Round three saw Jardine coming out quickly, putting Vera on the back foot immediately. But it wasn’t long before Vera reversed things, stalking Jardine around the cage. At times Vera began to target Jardine’s injured knee, but the Dean of Mean wasn’t letting the injury bother him. After nearly three minutes of the round Jardine went for the take down, but Vera’s defence prevented this. However, Jardine was able to take Vera’s back, and unloaded with a few good shots to the face before releasing the hold. The final minute saw both fighters connecting again, with a few good shots from Jardine to end things with. The judges had a tough job deciding this one, and they gave the split decision to Jardine in what was a good if somewhat unspectacular fight.
Main event time #2, with Britain’s own Michael Bisping taking on Chris Leben in the middleweight division, a fight which, for obvious reasons, I was really looking forward to. Round one saw both fighters testing the waters with kicks, following up with good punches. Bisping looked completely at home in front of his home crowd, as did Leben, although the crowd was obviously a bit more hostile towards him. As the round progressed Bisping was the first man to draw blood, with Leben bleeding from his nose, and although Leben was the one moving forward most of the time, it was Bisping scoring with the most shots, and scoring with a take down as the first round came to an end.

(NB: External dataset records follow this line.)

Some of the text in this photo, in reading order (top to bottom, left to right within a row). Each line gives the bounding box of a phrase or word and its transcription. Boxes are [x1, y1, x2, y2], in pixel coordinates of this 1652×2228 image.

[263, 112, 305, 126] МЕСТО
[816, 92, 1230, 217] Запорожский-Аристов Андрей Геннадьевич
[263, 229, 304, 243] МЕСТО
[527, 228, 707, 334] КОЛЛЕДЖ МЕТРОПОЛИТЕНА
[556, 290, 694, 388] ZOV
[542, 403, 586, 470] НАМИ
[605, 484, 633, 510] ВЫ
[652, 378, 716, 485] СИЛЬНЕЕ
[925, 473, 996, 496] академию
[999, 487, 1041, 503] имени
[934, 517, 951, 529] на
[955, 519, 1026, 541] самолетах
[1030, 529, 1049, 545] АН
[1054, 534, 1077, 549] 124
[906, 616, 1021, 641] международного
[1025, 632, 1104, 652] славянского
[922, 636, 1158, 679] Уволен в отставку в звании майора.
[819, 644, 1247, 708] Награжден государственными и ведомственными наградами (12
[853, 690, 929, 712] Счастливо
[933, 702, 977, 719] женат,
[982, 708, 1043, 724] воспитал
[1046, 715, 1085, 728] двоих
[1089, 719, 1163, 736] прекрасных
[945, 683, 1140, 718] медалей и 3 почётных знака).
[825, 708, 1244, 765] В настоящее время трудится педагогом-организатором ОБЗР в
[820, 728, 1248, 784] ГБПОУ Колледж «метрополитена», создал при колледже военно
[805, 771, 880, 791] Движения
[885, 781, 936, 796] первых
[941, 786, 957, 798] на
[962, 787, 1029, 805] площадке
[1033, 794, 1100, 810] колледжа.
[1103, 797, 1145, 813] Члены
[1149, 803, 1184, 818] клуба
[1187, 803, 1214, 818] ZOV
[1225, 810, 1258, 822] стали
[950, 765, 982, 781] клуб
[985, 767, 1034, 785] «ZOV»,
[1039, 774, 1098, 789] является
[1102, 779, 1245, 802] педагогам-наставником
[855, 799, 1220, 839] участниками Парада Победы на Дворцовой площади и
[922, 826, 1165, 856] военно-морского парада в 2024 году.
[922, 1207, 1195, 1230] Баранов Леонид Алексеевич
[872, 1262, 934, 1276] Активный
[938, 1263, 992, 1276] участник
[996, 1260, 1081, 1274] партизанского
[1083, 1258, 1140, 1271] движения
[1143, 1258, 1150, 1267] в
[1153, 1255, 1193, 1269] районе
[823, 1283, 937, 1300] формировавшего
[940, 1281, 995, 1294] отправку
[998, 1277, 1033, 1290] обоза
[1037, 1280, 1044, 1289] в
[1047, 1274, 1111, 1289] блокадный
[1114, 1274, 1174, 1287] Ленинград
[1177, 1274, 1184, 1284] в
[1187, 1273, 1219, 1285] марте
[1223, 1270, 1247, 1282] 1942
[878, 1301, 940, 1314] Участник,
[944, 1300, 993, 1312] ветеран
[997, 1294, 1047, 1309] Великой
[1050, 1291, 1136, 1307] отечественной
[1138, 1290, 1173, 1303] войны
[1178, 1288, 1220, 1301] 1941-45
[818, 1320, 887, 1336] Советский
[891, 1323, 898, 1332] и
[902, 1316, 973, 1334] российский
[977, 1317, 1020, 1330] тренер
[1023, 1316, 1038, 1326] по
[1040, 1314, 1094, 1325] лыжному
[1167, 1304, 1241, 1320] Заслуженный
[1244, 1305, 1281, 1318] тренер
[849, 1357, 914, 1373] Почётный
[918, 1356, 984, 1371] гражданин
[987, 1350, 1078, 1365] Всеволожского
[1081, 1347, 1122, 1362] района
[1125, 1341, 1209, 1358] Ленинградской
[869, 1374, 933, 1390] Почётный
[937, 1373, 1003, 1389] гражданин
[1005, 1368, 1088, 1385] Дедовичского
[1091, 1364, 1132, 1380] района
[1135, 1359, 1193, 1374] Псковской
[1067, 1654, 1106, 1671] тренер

Round two began with Leben once again on the front foot, although Bisping continued to look the better fighter. Leben continued to have trouble with his bleeding nose, and his troubles were added to by a cut below his right eye. No matter what Leben did, Bisping seemed to have the upper hand, until an inadvertent kick caught Bisping a little low. With the rest period over, Leben continued with his game plan, and although he continued to connect with punches and kicks, his plan was starting to look a bit predictable, which made it look easy for Bisping to counter, and by the end of the round it looked like Bisping’s plan was working, given the fact that Leben’s face was starting to look a mess.
Round three began in the same vein, with a brief timeout when Bisping complained that there was something in his eye. Then things went back to normal, with Bisping playing the countering game again. Leben managed to unload with some heavy shots, but once again Bisping was able to withstand whatever the American was throwing at him. Then, with just a couple of minutes left, Leben scored with the first take down of the fight, but this really had no effect on Bisping, who soon got back to his feet, and connected with a big right hand. Leben then continued with his game plan, and as the fight came to an end the Crippler began to showboat a little. So with another fight going the distance, the judges were called upon to decide the outcome again, and it wasn’t really a surprise that all three judges gave to the fight to Bisping, who fought the perfect, if unspectacular fight, from bell to bell.
In conclusion – a very enjoyable outing from the UFC crew here. Although the co-main events were solid but unspectacular, the undercard proved to be worth my subscription fee alone, even though two of the three Brits on the main card came up a little short. But then again, one can’t help buy like a guy like Marcus Davis, and I’m probably not the only MMA fan who hopes that he gets a fight when the UFC make their debut in Dublin in a few months.